◆ **Assignment**
A faithful copy of each record is required, minus the images.

Dataset entries:
• • • •

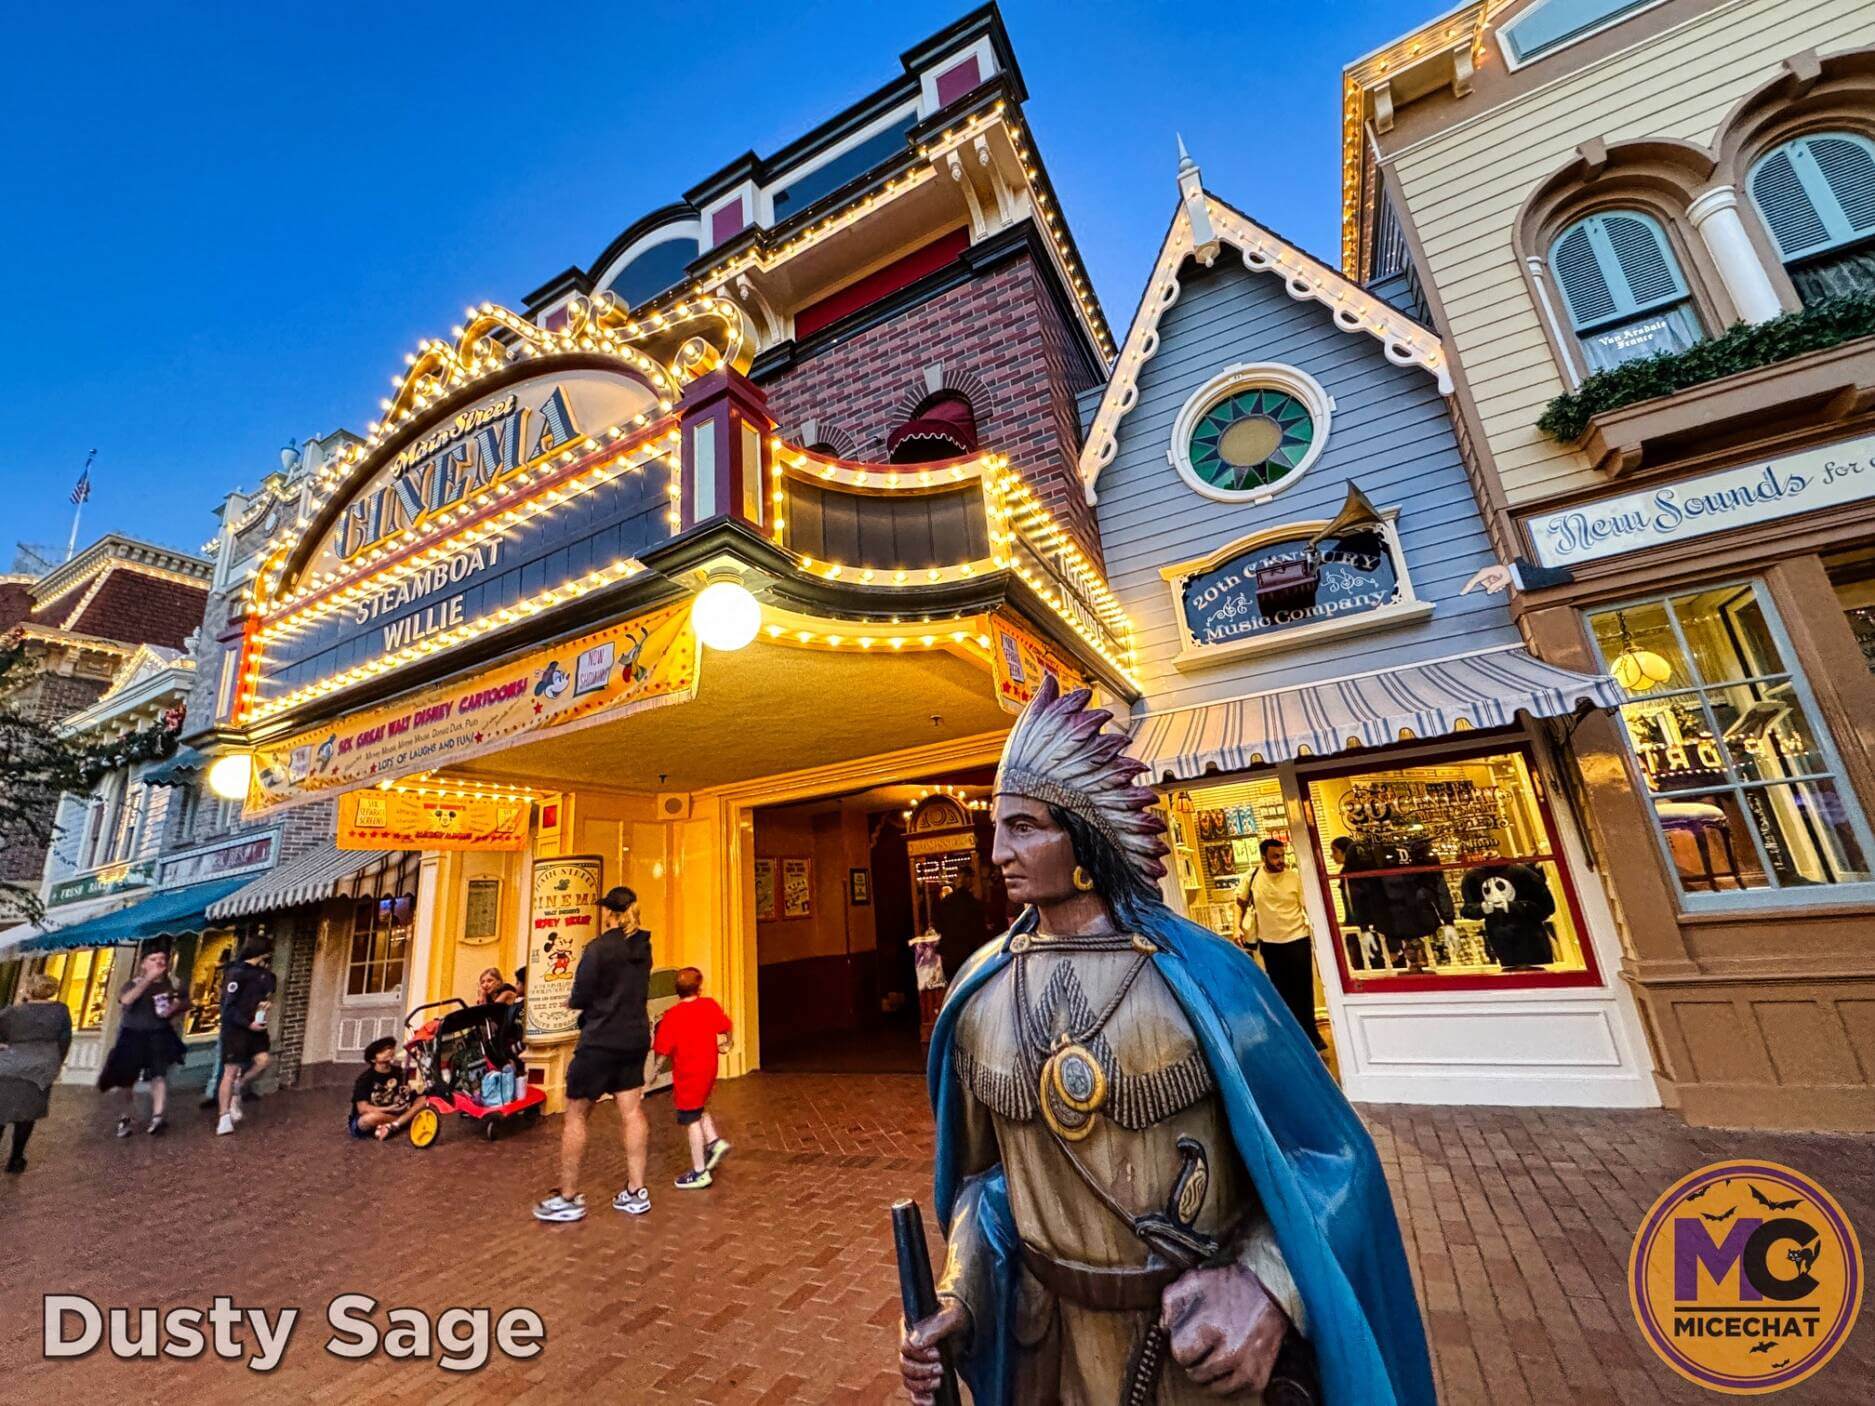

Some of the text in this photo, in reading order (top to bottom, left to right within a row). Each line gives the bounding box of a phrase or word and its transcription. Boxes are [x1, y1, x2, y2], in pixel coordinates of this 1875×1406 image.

[391, 393, 518, 478] Main Street
[334, 384, 588, 563] CINEMA
[1547, 461, 1865, 555] New Sounds for
[355, 537, 504, 625] STEAMBOAT
[1192, 573, 1242, 611] 20th
[383, 594, 465, 652] WILLIE
[1202, 589, 1389, 643] Music Company
[356, 725, 386, 749] GREAT
[387, 715, 412, 739] WALT
[413, 700, 454, 730] DISNEY
[396, 753, 408, 764] OF
[409, 742, 436, 760] LAUGHS
[438, 738, 455, 751] AND
[534, 893, 597, 910] INEMA
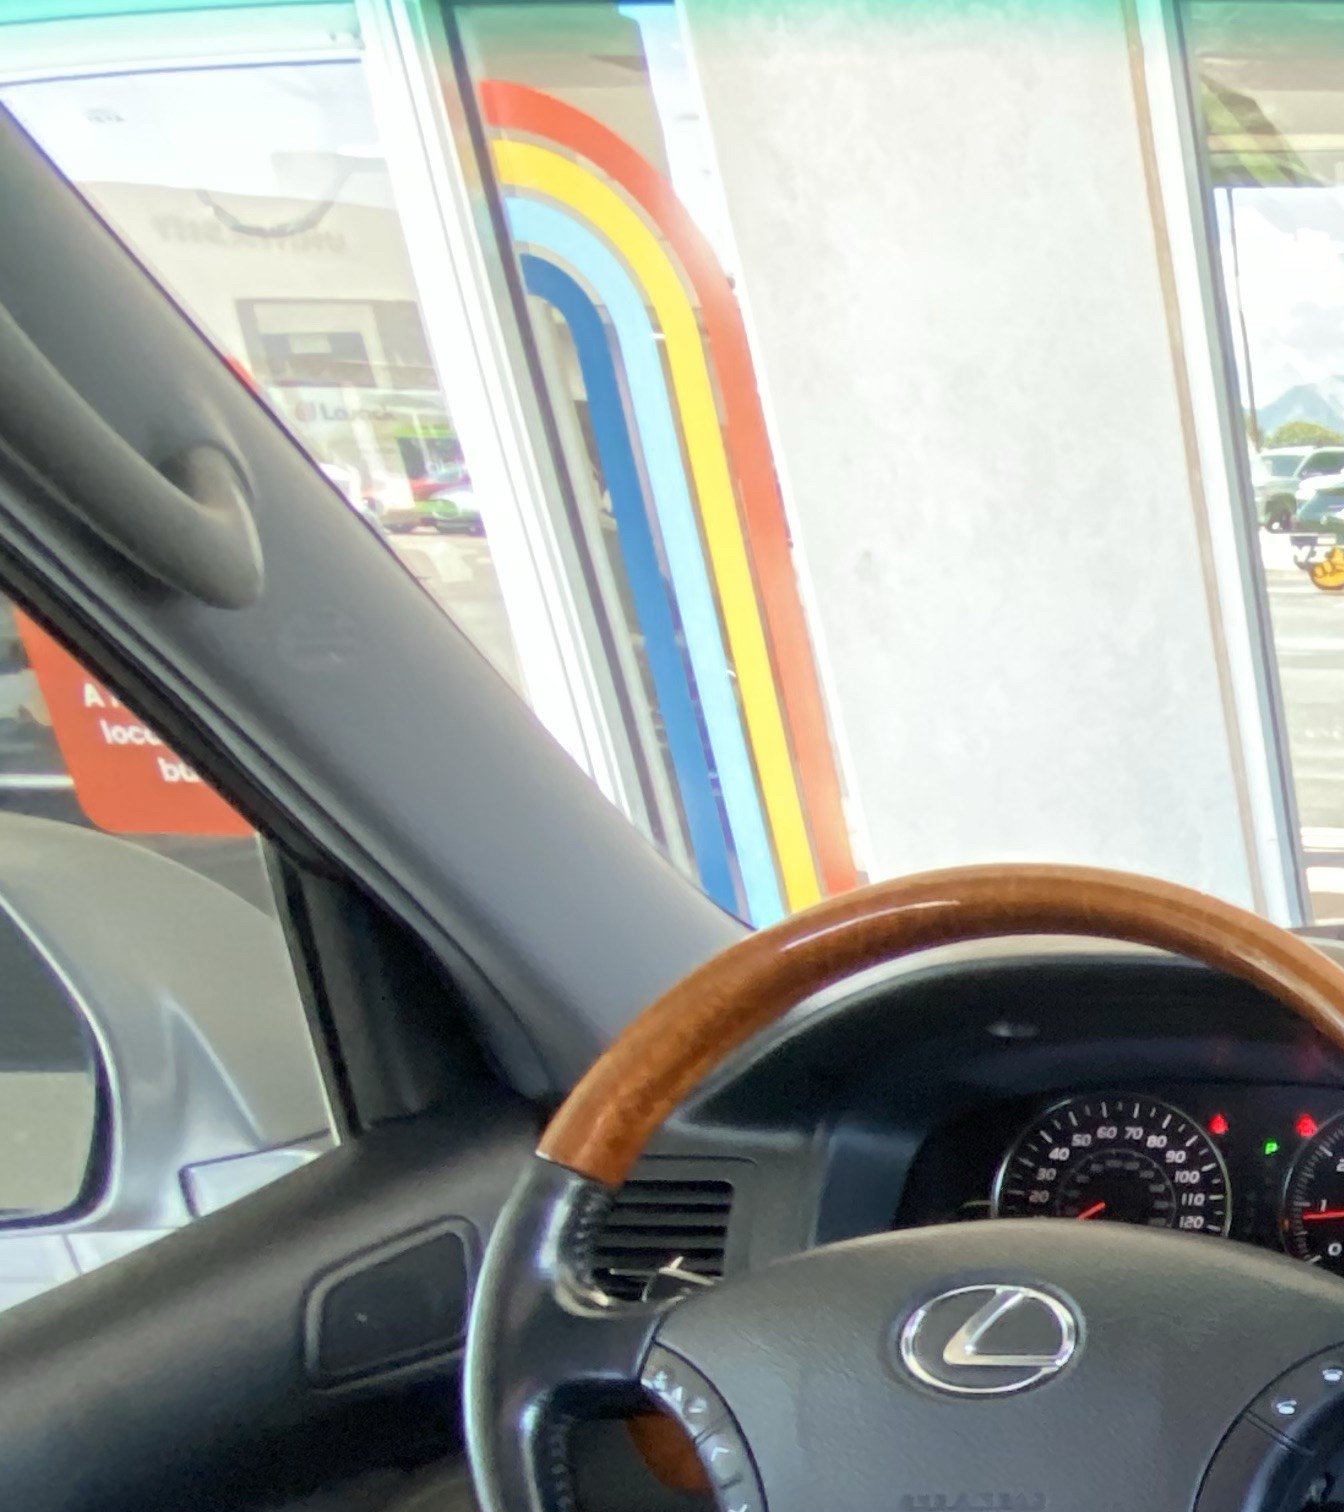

• • • •

◆ **Reply**
Some of the text in this photo, in reading order (top to bottom, left to right within a row). Each line gives the bounding box of a phrase or word and its transcription. Boxes are [x1, y1, x2, y2], in pixel coordinates of this 1875×1406 image.

[391, 393, 518, 478] Main Street
[334, 384, 588, 563] CINEMA
[1547, 461, 1865, 555] New Sounds for
[355, 537, 504, 625] STEAMBOAT
[1192, 573, 1242, 611] 20th
[383, 594, 465, 652] WILLIE
[1202, 589, 1389, 643] Music Company
[356, 725, 386, 749] GREAT
[387, 715, 412, 739] WALT
[413, 700, 454, 730] DISNEY
[396, 753, 408, 764] OF
[409, 742, 436, 760] LAUGHS
[438, 738, 455, 751] AND
[534, 893, 597, 910] INEMA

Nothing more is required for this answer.